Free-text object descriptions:
= = =
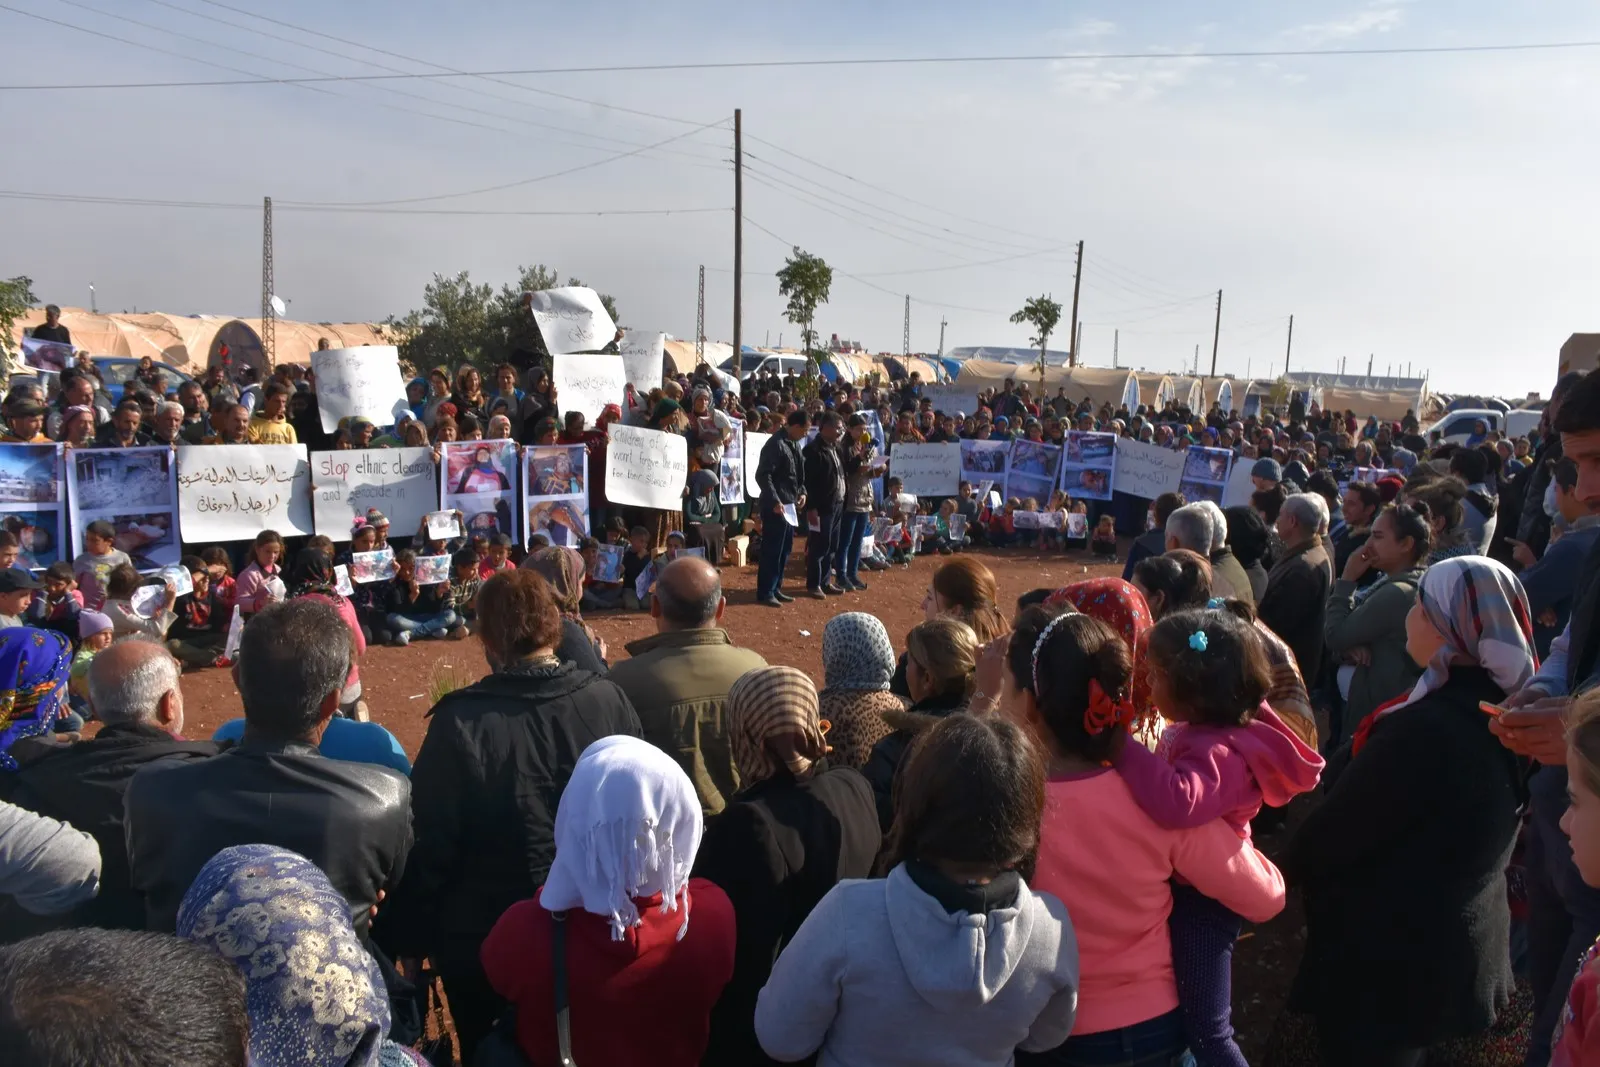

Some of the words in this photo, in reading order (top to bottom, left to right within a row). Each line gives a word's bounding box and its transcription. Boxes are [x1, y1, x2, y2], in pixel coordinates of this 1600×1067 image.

[649, 434, 660, 449] of
[355, 452, 388, 475] ethnic
[392, 452, 432, 481] cleansing
[639, 451, 659, 471] forgive
[204, 465, 238, 486] الدولية
[197, 490, 239, 513] أردوغان
[322, 481, 341, 502] and
[347, 478, 392, 506] genocide
[396, 486, 405, 499] in
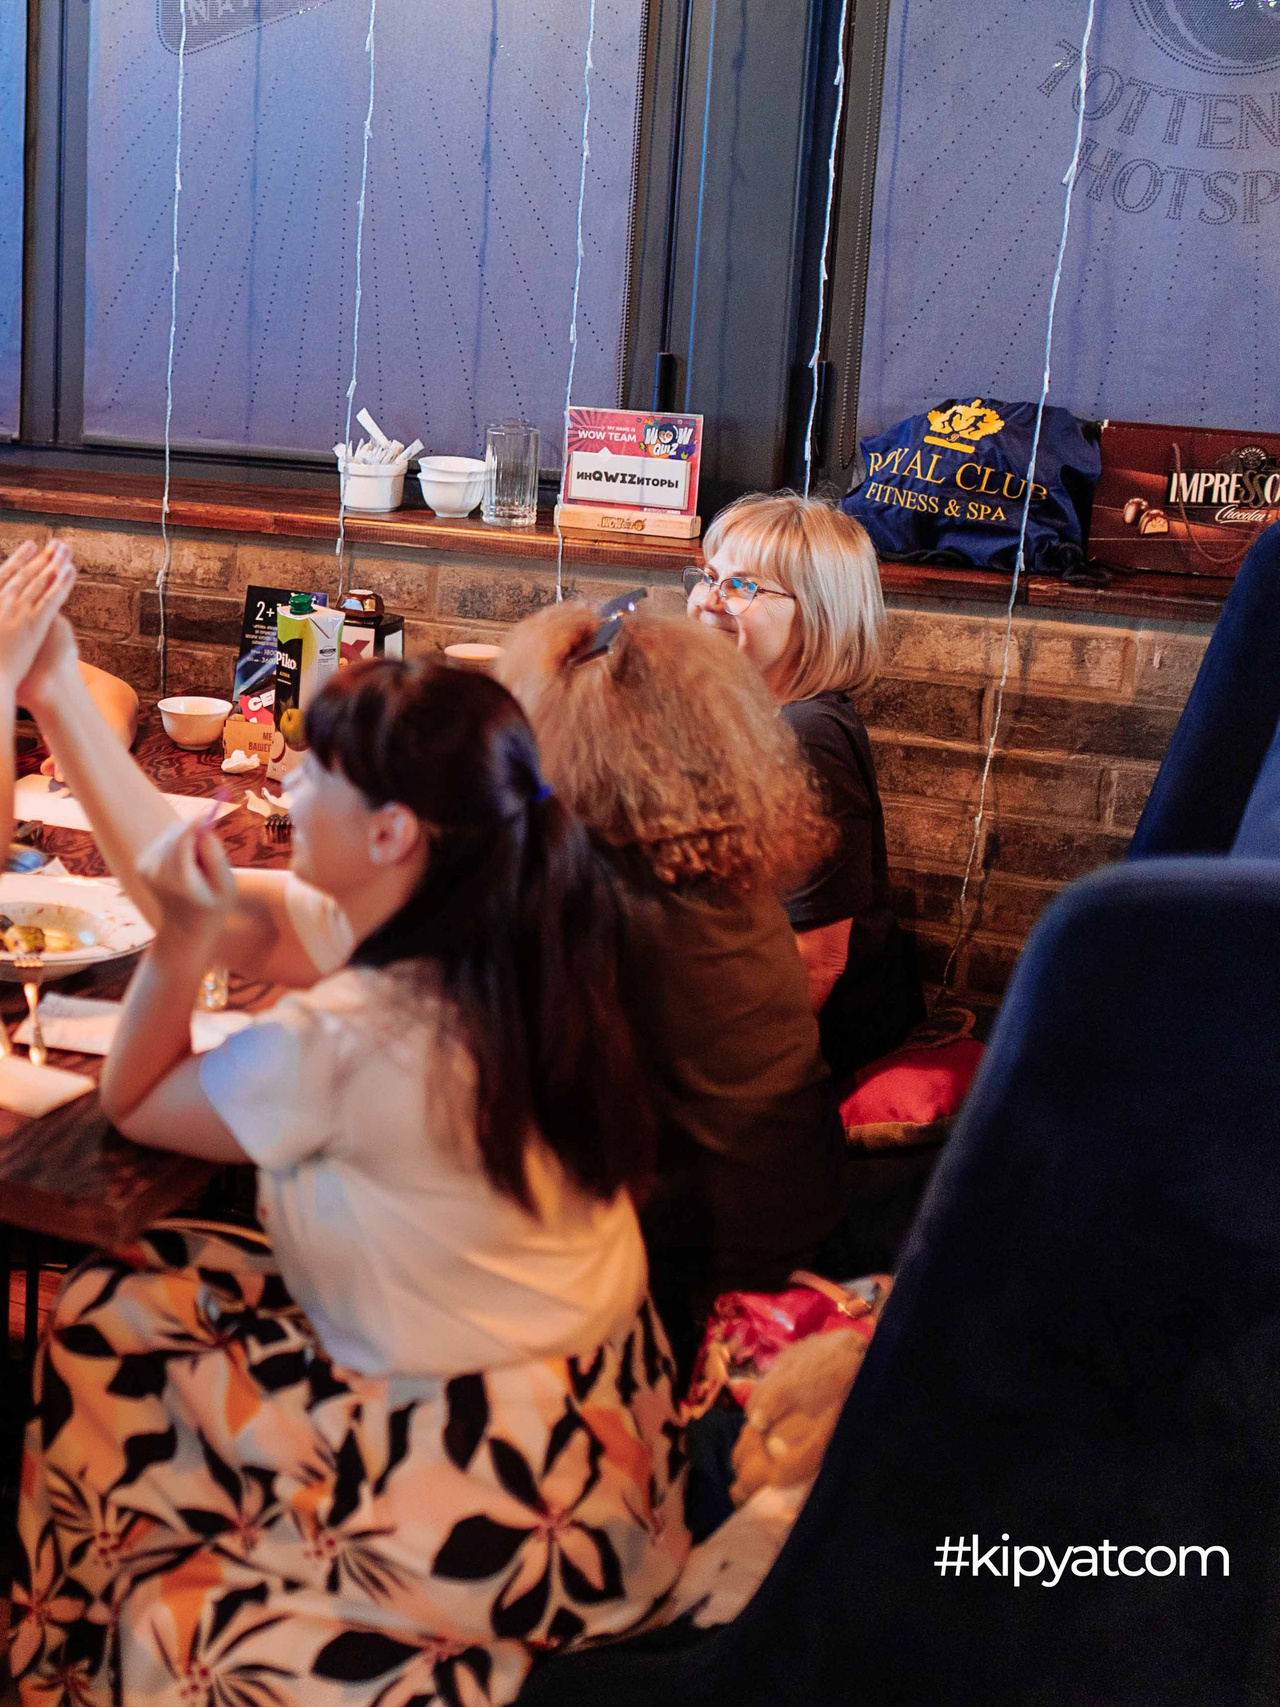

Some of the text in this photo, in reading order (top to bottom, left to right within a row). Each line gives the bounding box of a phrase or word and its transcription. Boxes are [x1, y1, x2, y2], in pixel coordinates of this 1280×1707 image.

[578, 430, 637, 442] WOW TEAM
[653, 443, 679, 456] QUIZ
[956, 462, 1048, 501] CLUB
[865, 482, 1006, 521] FITNESS & SPA
[276, 651, 297, 670] Piko
= = =
Give back exactly the lines running from the line that has "Some of the text" to the end of the entries above.

Some of the text in this photo, in reading order (top to bottom, left to right within a row). Each line gives the bounding box of a phrase or word and its transcription. Boxes are [x1, y1, x2, y2], in pixel coordinates of this 1280×1707 image.

[578, 430, 637, 442] WOW TEAM
[653, 443, 679, 456] QUIZ
[956, 462, 1048, 501] CLUB
[865, 482, 1006, 521] FITNESS & SPA
[276, 651, 297, 670] Piko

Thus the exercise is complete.